Gold’s too heavy to put in big bags. Way too heavy.
Hell, it was in the safe room. Not super safe, they hadn’t closed the padlock on the door. It was well out of sight, off in a side tunnel.
“Cripes. Dumb bitches could have been in there. But the bags weren’t open. They were all there. It’s just if they knew and planned to return after the snow melted. We damn sure gotta get them nuggets out first.”
He spits a stream of tobacco juice at a little bird sitting on a quartz rock. And misses.
“Damn it.”
It’s ragging at him, nagging on his brain cells. The gals definitely saw him and Shorty and Kit on the train. And would be bound to remember him should they see him again.
Did she get a good look at him in the store room? He couldn’t be sure in the confusion. What a crying shame. Them gals was hot.
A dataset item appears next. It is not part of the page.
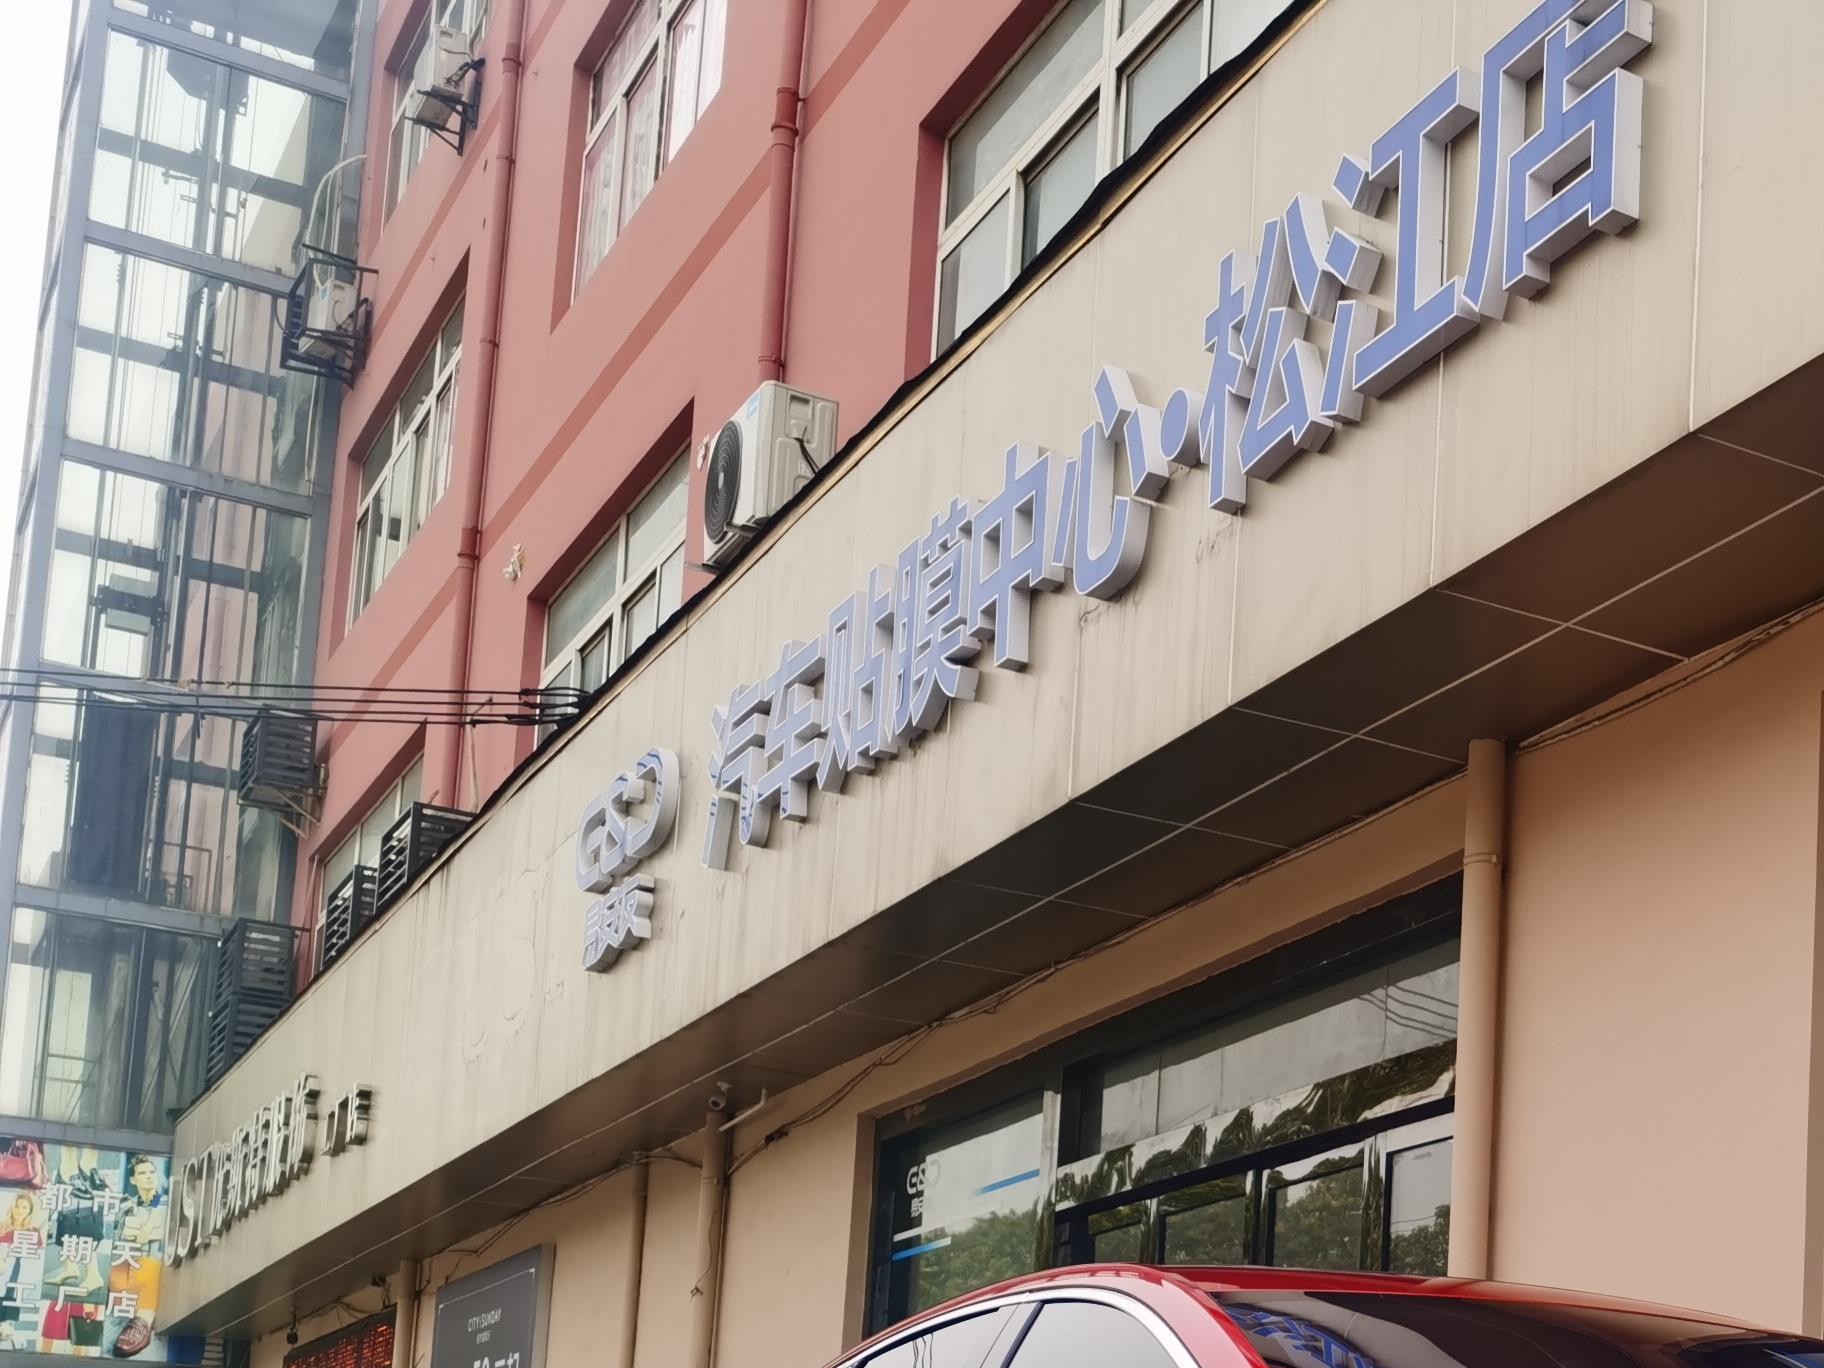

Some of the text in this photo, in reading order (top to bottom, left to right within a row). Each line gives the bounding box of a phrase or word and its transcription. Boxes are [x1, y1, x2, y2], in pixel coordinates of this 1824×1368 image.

It was a funny thing, Salt and Pepper showing up out of nowhere.
“Shit.”
All of her bunch got a good look at him on the train. The blonde and her bunch. They were the only ones out here who knew that the Kittridge gang was still alive.
Like Angus said, loose ends.
He doesn’t know where they’re from either. At least he’s got these two found. That’s a good thing. Now, he can do the job right. What the fuck is that guy doing? If he kilt them for the gold, why didn’t he take any? Must be that he and Angus showed up before he got a chance.
He’s no fan of killing. But he doesn’t believe that they’ll not give the Kittridges up to the law; should they get arrested for something else. He would. It’s a problem. Information like that is good trading stock in a pinch.
That blonde gal thought she was so smart. But, he’s smarter.
He caught ‘em once, he can do it again.
Harley pulls out Jigger’s pistol and checks the loads.